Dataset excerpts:
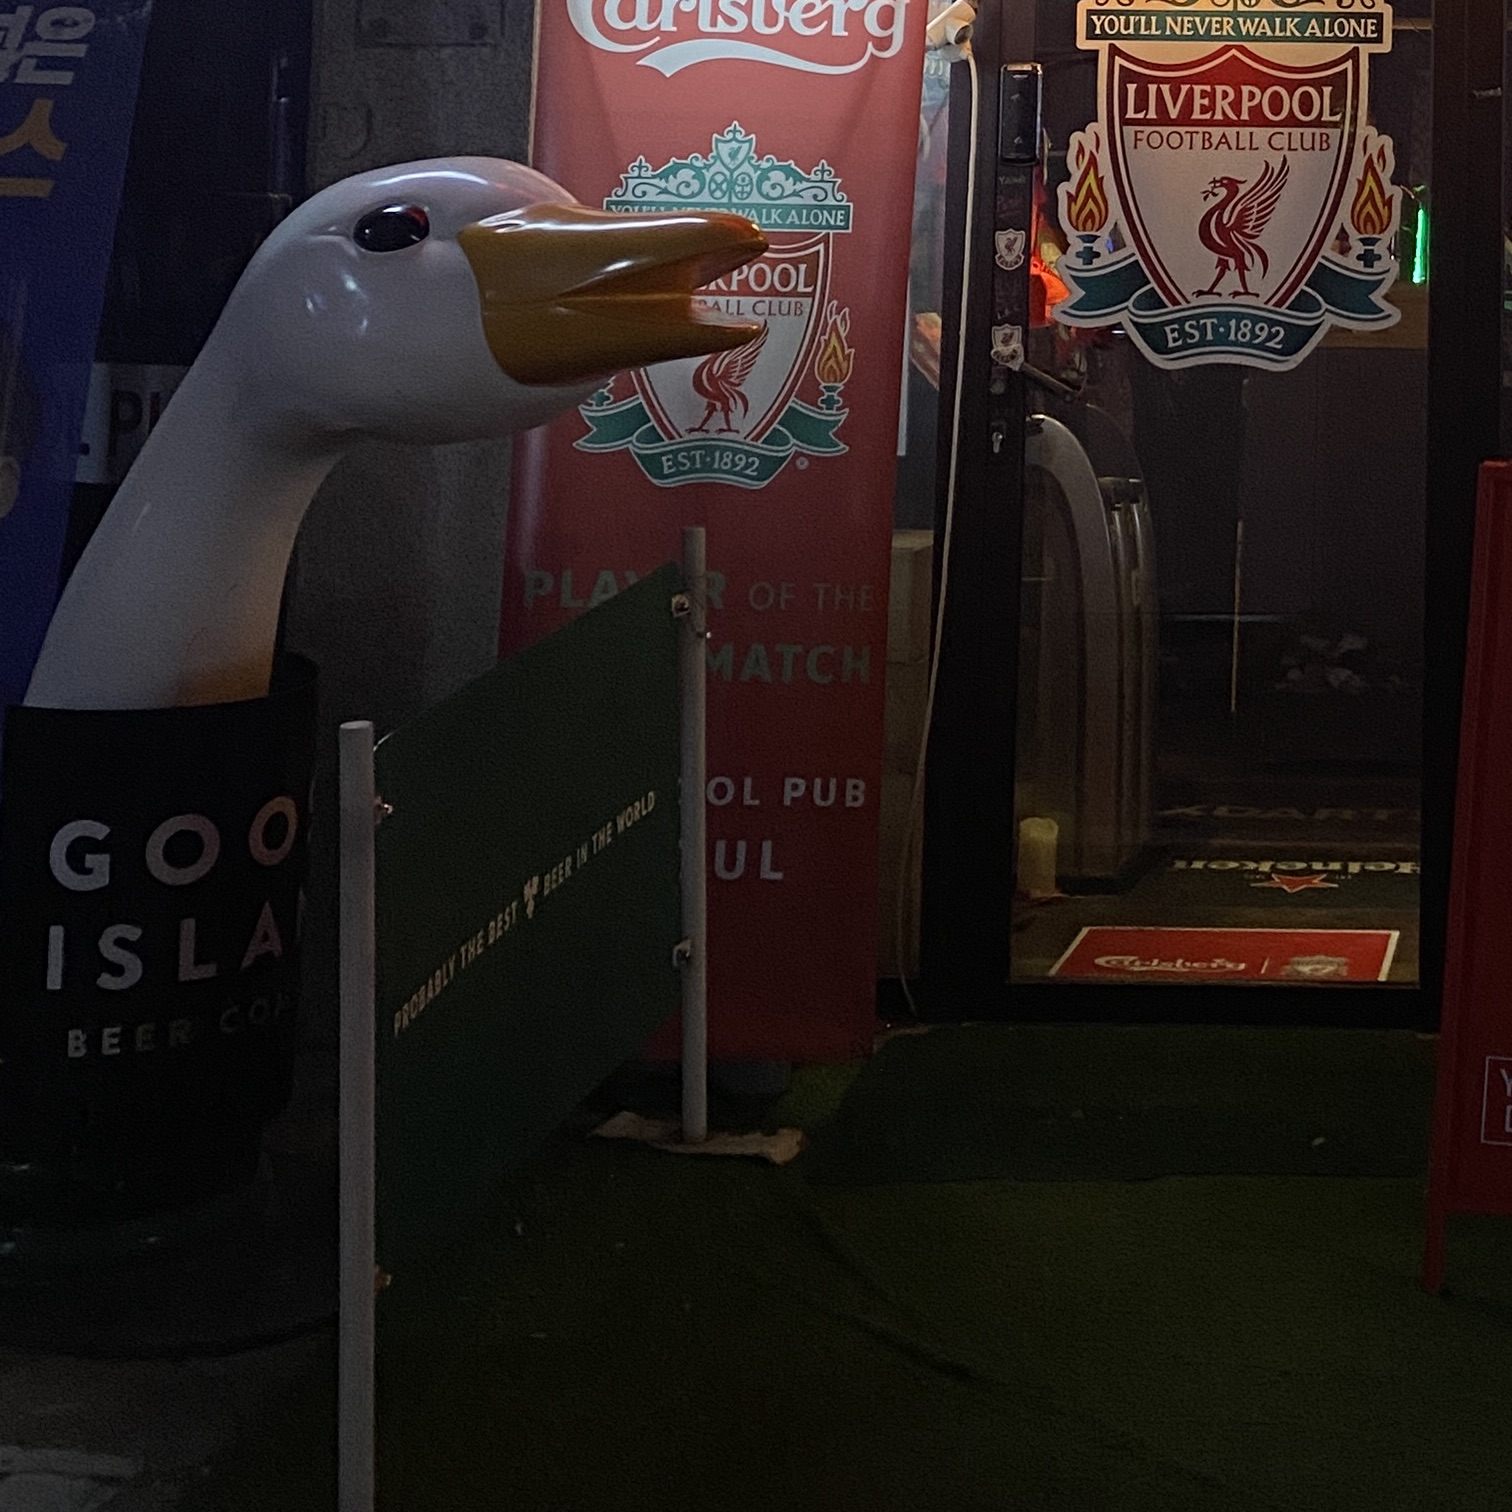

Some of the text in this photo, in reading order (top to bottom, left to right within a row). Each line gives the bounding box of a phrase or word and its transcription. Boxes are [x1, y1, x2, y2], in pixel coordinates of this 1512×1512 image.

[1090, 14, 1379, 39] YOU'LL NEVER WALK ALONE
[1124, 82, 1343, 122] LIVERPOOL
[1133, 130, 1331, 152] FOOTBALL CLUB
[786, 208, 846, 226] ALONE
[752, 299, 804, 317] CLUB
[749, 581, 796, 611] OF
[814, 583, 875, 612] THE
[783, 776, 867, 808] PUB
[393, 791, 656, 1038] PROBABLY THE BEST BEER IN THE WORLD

TASK PROMPT: Transcribe every entry word for word, but skip the pictures.

ANSWER TO THE EXERCISE:
Some of the text in this photo, in reading order (top to bottom, left to right within a row). Each line gives the bounding box of a phrase or word and its transcription. Boxes are [x1, y1, x2, y2], in pixel coordinates of this 1512×1512 image.

[1090, 14, 1379, 39] YOU'LL NEVER WALK ALONE
[1124, 82, 1343, 122] LIVERPOOL
[1133, 130, 1331, 152] FOOTBALL CLUB
[786, 208, 846, 226] ALONE
[752, 299, 804, 317] CLUB
[749, 581, 796, 611] OF
[814, 583, 875, 612] THE
[783, 776, 867, 808] PUB
[393, 791, 656, 1038] PROBABLY THE BEST BEER IN THE WORLD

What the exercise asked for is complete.